The case count pales in comparison to the record 1-million-plus cases the U.S. logged on Monday alone. The U.S.’s single day tally is 10 times the total cases China has recorded since the beginning of the pandemic. But in COVID-zero China, even one case is too many.

Since Dec. 13, Xi’an has instituted a lockdown, requiring its roughly 13 million residents to be largely confined to their homes in conditions reminiscent of what Wuhan residents experienced after the virus initially broke out two years ago.

Xi’an’s inability to swiftly contain the outbreak prompted China’s central government to fire Xi’an’s deputy mayor and punish over two dozen other officials in charge of Xi’an’s pandemic response.

Some residents have reported on Chinese social media that they are bartering their belongings for food due to closed shops and stay-at-home orders.

On Monday, China announced that a second city—Yuzhou in China’s central Henan province—would go into lockdown after reporting three asymptomatic cases in the past three days. Yuzhou will shut down schools, public transportation, malls, and all other public venues while the city’s 1.2 million residents are encouraged to leave their homes only for necessary trips like buying groceries.

Chinese officials have traced outbreaks in Xi’an and Yuzhou to Delta infections, and it is unclear what additional measures governments could take to contain an outbreak driven by the faster spreading Omicron variant.

“Xi’an really does represent the absolute limits as to what China can do [to contain an outbreak],” says Thomas. He explained that one or multiple Omicron outbreaks could overwhelm China’s otherwise airtight response.

The thousands of athletes, media, and support staff entering China’s borders for the Olympics will mark the first time in two years that visitors will enter the country without undergoing hotel quarantines. If Omicron slips through the cracks due to the Olympics or otherwise, experts say China may be headed for a lockdown-filled 2022.

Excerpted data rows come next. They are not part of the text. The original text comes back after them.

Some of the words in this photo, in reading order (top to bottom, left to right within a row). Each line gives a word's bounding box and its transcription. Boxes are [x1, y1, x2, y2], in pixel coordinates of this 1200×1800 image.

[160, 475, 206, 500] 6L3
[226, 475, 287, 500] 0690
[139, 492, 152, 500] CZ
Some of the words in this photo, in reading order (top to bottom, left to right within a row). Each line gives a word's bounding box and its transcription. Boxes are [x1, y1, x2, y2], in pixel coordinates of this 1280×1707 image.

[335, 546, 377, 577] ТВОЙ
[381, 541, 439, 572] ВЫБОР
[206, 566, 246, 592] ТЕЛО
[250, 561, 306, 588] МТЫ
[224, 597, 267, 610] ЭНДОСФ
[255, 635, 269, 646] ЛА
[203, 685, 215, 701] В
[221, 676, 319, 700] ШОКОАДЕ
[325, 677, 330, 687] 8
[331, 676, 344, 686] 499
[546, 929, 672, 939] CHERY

China has fully vaccinated 86% of its population, among the highest vaccination rates in the world, but it is unclear how many of those vaccinated have gotten booster shots. China has also largely relied on inactivated vaccines from Chinese makers Sinovac and Sinopharm that appear less effective against Omicron even after a third dose than mRNA vaccines from makers Pfizer and Moderna.

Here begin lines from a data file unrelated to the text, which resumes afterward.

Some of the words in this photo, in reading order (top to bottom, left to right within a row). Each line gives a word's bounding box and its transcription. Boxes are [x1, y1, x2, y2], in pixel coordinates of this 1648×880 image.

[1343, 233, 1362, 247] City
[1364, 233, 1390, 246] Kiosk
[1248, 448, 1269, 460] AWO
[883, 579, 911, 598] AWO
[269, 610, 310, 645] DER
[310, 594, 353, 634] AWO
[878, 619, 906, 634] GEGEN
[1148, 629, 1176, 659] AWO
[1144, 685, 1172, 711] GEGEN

The Eurasia group wrote in a report published on Monday that the combination of Omicron’s high transmissibility and China’s widespread use of less effective vaccines makes it likely that China’s COVID-zero policy will break down in the coming year.

“China’s policy will fail to contain infections, leading to larger outbreaks, requiring in turn more severe lockdowns,” the Eurasia group wrote.